IRS Cannot Ensure the Safety of Taxpayer Data
The IRS needs reform in more ways than one.
In a follow up security audit to determine how many improvements the Internal Revenue Service made to its data security, the Government Accountability Office (GAO) concluded the IRS is “making progress.” Last year, the GAO recommended 70 changes to the tax collecting agency. “Financial and taxpayer data will remain unnecessarily vulnerable to inappropriate and undetected use, modification, or disclosure,” the GAO said. And while the IRS picks away at its vulnerabilities, the threat of tax refund fraud is increasing. In 2014, criminals pilfered $6.5 billion from taxpayers by filing false W-2s with the individuals’ information. This year, the IRS predicts criminals will get away with $21 billion. Remember: The IRS has been taking a little from every paycheck year round. The refunds belong to the taxpayer.

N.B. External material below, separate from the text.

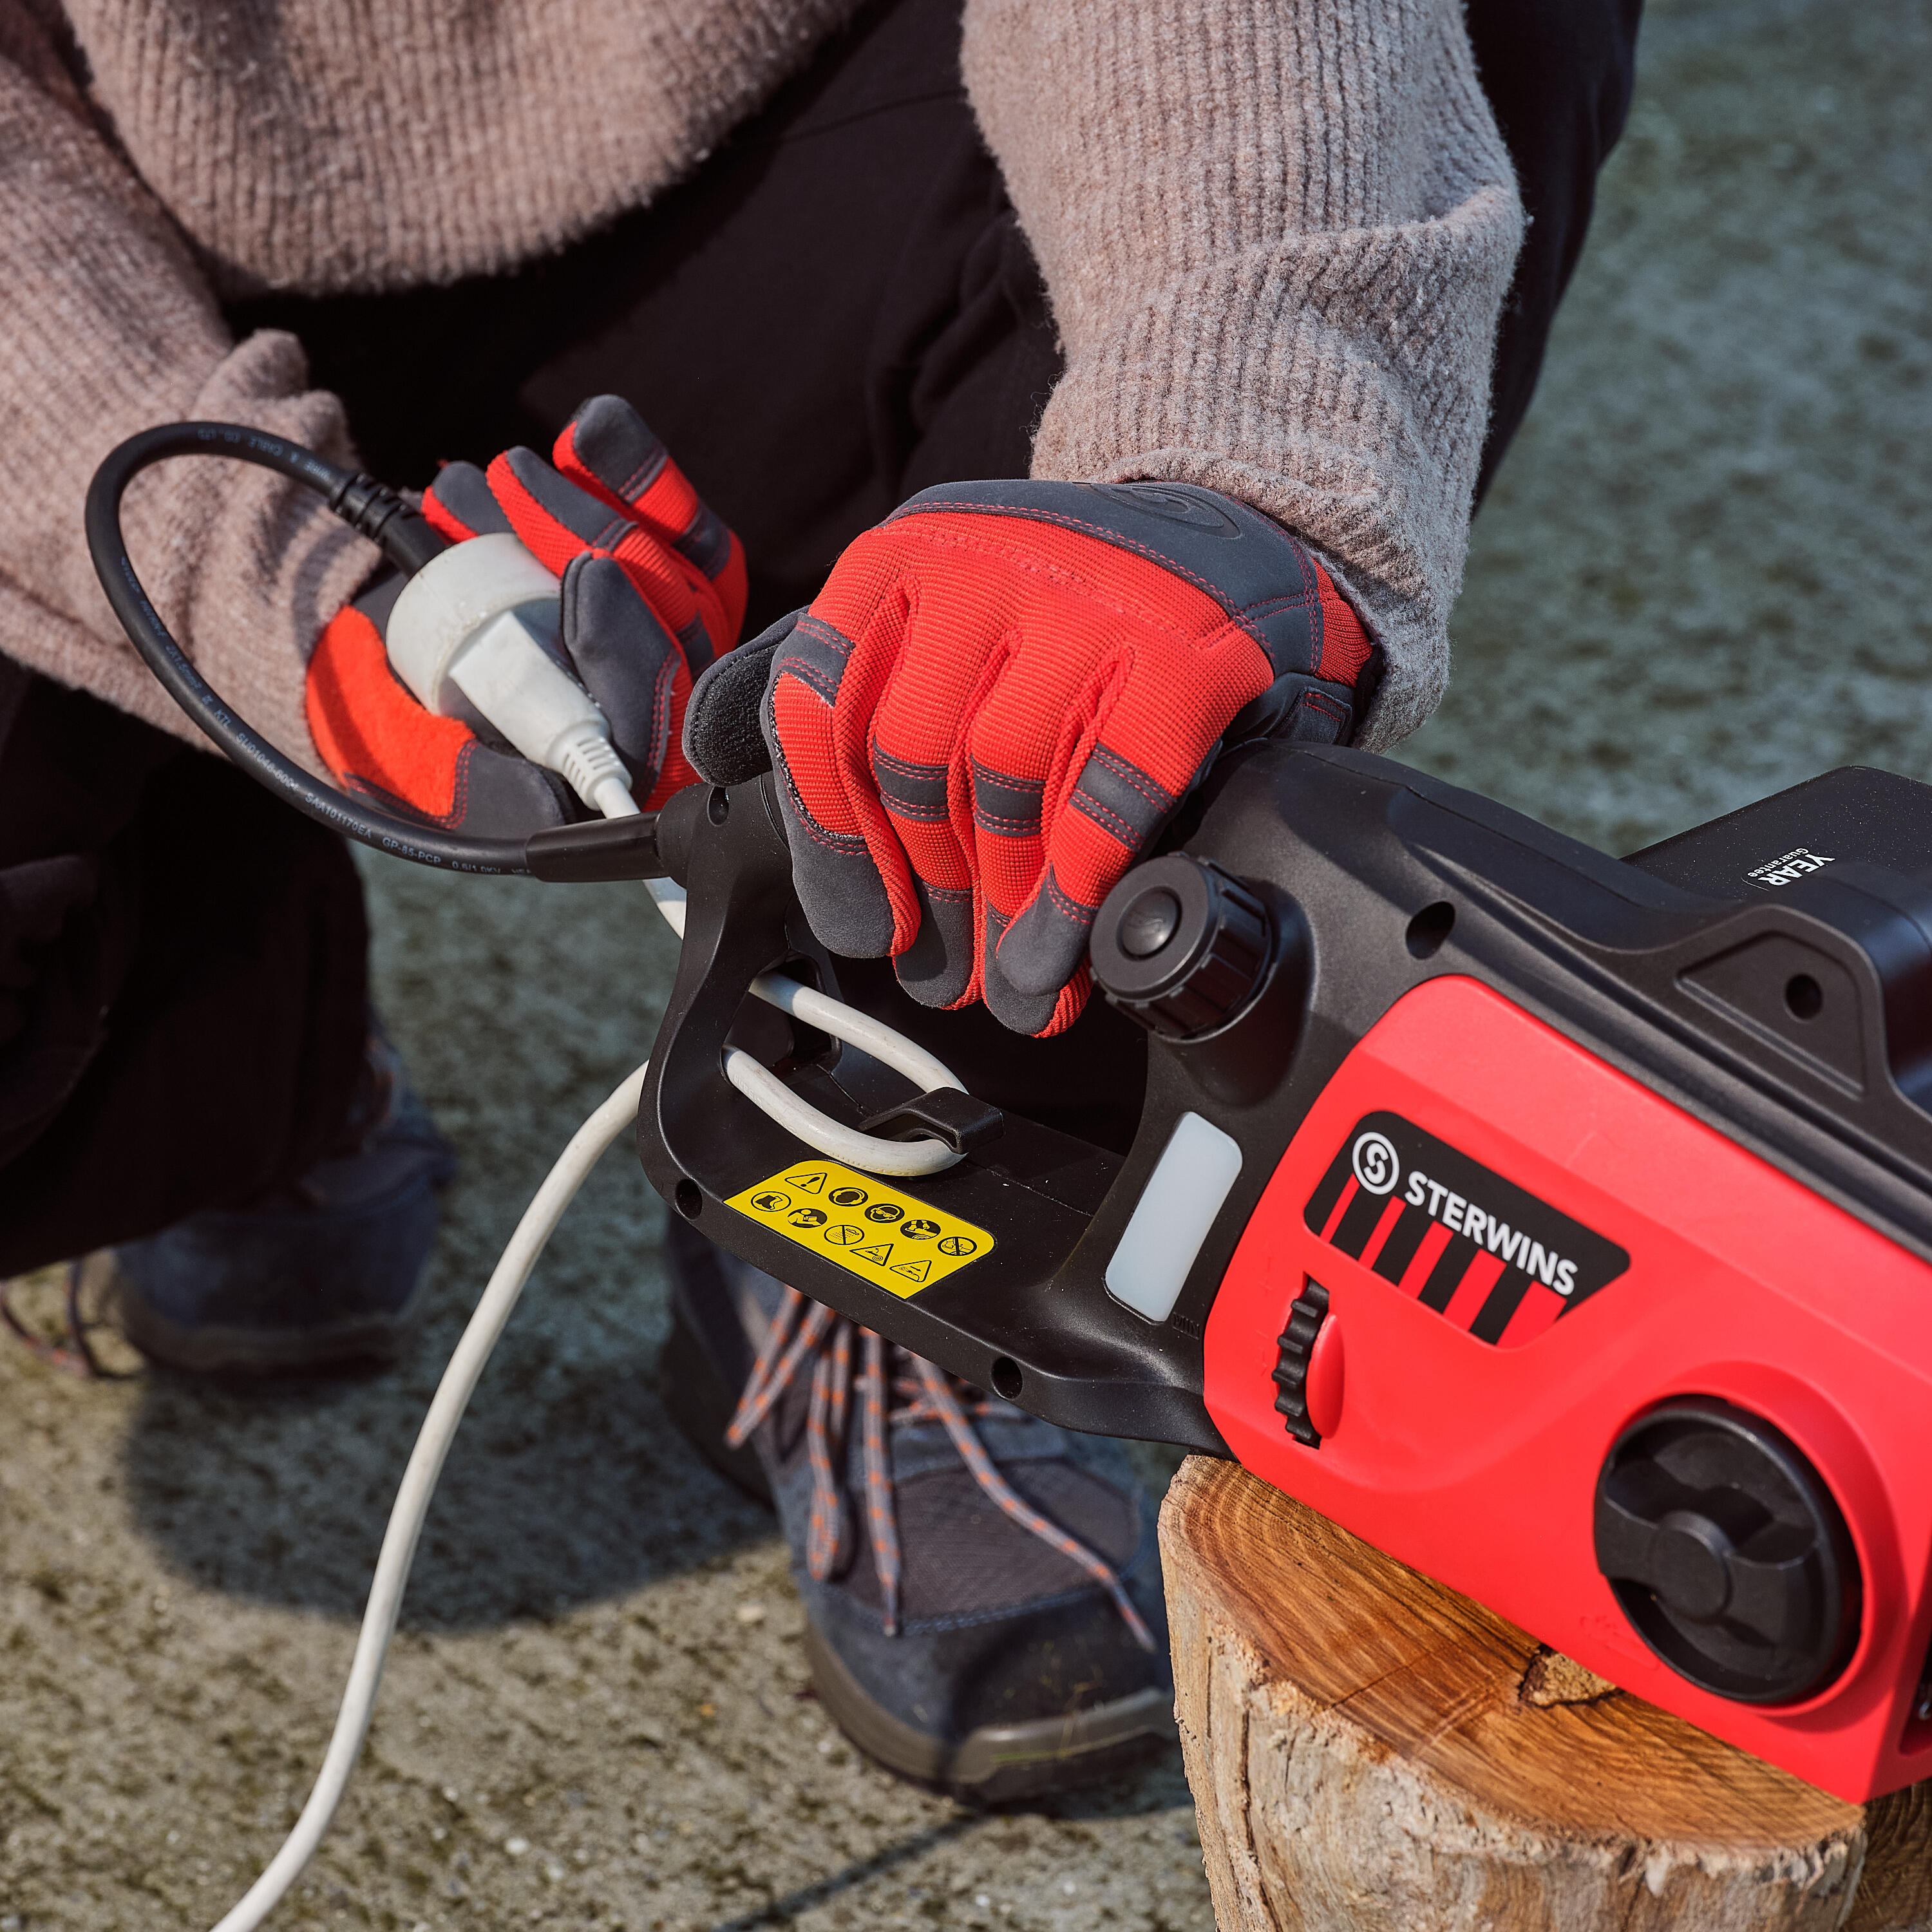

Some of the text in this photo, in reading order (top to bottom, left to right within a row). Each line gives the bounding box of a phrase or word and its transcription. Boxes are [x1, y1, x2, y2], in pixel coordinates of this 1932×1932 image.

[1747, 848, 1809, 878] Guarantee
[1757, 854, 1836, 886] YEAR
[1404, 1170, 1578, 1296] STERWINS

“It goes without saying that if the IRS were a private business, its executives would either be in court or prison,” wrote Investor’s Business Daily. “But the White House can at least make fixing these glaring risks a priority. Until that happens, expect to hear more reports of IRS data breaches.”
Meanwhile, for more than 1,000 days, the IRS has successfully avoided cooperating with investigations looking into its targeting of conservative nonprofits to aid Barack Obama’s re-election. The IRS needs reform in more ways than one.